WHAT TO PRODUCE: Starting with the line that contains "this 2352×1568 image.", copy every line through the end of the data below, exactly and with nothing added.

::::::::

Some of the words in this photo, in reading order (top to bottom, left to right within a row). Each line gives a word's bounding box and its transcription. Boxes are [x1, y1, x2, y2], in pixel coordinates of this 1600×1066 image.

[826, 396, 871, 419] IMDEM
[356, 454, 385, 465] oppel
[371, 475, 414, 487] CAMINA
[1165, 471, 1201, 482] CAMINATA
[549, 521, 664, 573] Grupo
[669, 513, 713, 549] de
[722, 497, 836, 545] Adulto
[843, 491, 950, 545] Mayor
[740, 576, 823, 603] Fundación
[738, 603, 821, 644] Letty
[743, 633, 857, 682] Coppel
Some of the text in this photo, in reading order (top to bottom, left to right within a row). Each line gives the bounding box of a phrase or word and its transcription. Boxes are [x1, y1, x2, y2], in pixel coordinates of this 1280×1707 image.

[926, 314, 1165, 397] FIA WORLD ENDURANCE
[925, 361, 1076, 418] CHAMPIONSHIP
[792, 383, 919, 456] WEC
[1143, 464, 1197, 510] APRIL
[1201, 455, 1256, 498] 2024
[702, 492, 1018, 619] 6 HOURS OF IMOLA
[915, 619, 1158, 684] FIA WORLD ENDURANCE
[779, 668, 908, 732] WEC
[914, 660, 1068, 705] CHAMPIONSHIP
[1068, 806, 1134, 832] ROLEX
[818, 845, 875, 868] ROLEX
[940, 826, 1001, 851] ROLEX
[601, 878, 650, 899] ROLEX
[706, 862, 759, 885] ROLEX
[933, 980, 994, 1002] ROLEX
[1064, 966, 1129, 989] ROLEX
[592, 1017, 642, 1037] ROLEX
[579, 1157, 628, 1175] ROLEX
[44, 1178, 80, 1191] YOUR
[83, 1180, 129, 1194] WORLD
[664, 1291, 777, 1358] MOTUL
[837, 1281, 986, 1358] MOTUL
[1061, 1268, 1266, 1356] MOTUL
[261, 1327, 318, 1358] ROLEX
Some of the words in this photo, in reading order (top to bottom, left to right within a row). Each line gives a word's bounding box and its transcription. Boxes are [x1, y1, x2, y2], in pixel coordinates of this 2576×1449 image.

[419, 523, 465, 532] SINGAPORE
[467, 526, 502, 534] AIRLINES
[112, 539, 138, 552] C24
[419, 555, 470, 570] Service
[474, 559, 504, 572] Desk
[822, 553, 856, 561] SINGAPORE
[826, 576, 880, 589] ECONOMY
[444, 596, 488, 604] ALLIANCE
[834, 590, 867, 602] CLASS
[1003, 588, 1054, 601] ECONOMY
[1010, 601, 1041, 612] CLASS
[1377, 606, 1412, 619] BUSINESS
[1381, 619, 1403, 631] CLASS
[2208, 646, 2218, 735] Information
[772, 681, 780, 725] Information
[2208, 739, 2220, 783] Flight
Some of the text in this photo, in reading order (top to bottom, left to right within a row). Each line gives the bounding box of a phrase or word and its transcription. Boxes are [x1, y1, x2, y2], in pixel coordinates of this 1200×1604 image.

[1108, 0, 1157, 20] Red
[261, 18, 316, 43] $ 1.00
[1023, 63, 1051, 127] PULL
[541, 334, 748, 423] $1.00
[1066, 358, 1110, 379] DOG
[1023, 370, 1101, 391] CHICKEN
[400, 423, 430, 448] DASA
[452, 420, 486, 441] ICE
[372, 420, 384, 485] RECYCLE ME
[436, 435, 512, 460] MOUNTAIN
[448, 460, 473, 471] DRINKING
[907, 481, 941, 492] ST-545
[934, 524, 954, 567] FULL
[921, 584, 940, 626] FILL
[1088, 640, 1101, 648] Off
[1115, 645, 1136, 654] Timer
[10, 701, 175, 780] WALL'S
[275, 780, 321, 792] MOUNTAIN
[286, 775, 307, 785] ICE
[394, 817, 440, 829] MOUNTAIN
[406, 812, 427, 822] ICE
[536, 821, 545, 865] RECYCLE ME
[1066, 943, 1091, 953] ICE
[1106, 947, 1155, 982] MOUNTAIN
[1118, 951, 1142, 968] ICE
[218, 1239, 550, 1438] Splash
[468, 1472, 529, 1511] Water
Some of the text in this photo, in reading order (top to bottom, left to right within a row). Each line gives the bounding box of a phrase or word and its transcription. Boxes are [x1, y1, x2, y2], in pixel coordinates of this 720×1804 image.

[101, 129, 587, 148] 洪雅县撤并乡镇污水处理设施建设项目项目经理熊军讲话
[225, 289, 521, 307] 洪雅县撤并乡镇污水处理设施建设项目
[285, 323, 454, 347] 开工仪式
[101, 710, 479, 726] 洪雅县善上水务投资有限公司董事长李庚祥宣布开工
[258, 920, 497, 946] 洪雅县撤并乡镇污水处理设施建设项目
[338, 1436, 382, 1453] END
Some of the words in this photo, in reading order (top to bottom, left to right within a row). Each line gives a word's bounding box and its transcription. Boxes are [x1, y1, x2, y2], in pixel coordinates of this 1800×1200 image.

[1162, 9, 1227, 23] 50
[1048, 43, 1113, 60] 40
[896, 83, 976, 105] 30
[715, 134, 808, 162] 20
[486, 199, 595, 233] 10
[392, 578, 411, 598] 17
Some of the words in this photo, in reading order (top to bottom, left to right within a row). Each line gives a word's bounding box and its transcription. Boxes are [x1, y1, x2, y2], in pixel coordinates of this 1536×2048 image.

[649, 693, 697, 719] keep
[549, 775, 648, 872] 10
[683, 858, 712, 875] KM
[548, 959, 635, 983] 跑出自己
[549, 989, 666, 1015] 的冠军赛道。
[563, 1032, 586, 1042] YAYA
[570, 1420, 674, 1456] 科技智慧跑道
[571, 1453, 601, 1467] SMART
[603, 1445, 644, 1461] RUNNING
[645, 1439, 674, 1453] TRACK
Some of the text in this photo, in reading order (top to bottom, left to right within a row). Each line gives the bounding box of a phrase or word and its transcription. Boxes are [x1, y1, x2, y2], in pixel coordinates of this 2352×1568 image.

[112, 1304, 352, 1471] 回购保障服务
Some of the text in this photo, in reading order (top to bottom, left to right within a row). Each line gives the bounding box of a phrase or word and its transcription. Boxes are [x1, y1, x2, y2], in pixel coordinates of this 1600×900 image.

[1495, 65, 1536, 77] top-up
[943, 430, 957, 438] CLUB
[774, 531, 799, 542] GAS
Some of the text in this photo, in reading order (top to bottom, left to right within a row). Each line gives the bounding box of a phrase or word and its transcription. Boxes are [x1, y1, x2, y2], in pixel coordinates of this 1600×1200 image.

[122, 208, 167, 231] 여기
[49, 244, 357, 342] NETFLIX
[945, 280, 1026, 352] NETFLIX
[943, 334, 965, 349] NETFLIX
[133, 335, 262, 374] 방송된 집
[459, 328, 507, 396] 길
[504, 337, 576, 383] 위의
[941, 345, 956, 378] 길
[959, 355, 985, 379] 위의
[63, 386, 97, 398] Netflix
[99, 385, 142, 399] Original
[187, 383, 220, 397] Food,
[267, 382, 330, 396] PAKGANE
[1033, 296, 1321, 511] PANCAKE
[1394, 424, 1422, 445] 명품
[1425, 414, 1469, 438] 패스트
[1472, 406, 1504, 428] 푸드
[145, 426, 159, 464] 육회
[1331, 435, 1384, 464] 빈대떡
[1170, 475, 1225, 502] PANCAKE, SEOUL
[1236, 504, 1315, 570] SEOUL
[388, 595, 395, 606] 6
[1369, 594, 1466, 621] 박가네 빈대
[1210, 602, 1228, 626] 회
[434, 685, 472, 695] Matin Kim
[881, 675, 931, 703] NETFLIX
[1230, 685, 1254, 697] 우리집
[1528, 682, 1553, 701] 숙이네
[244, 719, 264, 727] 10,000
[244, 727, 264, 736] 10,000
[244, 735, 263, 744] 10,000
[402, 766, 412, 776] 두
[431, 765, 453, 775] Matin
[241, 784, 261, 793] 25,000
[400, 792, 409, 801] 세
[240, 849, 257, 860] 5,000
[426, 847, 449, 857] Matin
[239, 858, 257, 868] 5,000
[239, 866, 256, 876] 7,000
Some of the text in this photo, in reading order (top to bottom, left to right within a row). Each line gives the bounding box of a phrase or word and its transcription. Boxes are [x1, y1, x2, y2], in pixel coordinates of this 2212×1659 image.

::::::::

RESULT OF THE EXERCISE:
Some of the text in this photo, in reading order (top to bottom, left to right within a row). Each line gives the bounding box of a phrase or word and its transcription. Boxes are [x1, y1, x2, y2], in pixel coordinates of this 2352×1568 image.

[112, 1304, 352, 1471] 回购保障服务
Some of the text in this photo, in reading order (top to bottom, left to right within a row). Each line gives the bounding box of a phrase or word and its transcription. Boxes are [x1, y1, x2, y2], in pixel coordinates of this 1600×900 image.

[1495, 65, 1536, 77] top-up
[943, 430, 957, 438] CLUB
[774, 531, 799, 542] GAS
Some of the text in this photo, in reading order (top to bottom, left to right within a row). Each line gives the bounding box of a phrase or word and its transcription. Boxes are [x1, y1, x2, y2], in pixel coordinates of this 1600×1200 image.

[122, 208, 167, 231] 여기
[49, 244, 357, 342] NETFLIX
[945, 280, 1026, 352] NETFLIX
[943, 334, 965, 349] NETFLIX
[133, 335, 262, 374] 방송된 집
[459, 328, 507, 396] 길
[504, 337, 576, 383] 위의
[941, 345, 956, 378] 길
[959, 355, 985, 379] 위의
[63, 386, 97, 398] Netflix
[99, 385, 142, 399] Original
[187, 383, 220, 397] Food,
[267, 382, 330, 396] PAKGANE
[1033, 296, 1321, 511] PANCAKE
[1394, 424, 1422, 445] 명품
[1425, 414, 1469, 438] 패스트
[1472, 406, 1504, 428] 푸드
[145, 426, 159, 464] 육회
[1331, 435, 1384, 464] 빈대떡
[1170, 475, 1225, 502] PANCAKE, SEOUL
[1236, 504, 1315, 570] SEOUL
[388, 595, 395, 606] 6
[1369, 594, 1466, 621] 박가네 빈대
[1210, 602, 1228, 626] 회
[434, 685, 472, 695] Matin Kim
[881, 675, 931, 703] NETFLIX
[1230, 685, 1254, 697] 우리집
[1528, 682, 1553, 701] 숙이네
[244, 719, 264, 727] 10,000
[244, 727, 264, 736] 10,000
[244, 735, 263, 744] 10,000
[402, 766, 412, 776] 두
[431, 765, 453, 775] Matin
[241, 784, 261, 793] 25,000
[400, 792, 409, 801] 세
[240, 849, 257, 860] 5,000
[426, 847, 449, 857] Matin
[239, 858, 257, 868] 5,000
[239, 866, 256, 876] 7,000
Some of the text in this photo, in reading order (top to bottom, left to right within a row). Each line gives the bounding box of a phrase or word and its transcription. Boxes are [x1, y1, x2, y2], in pixel coordinates of this 2212×1659 image.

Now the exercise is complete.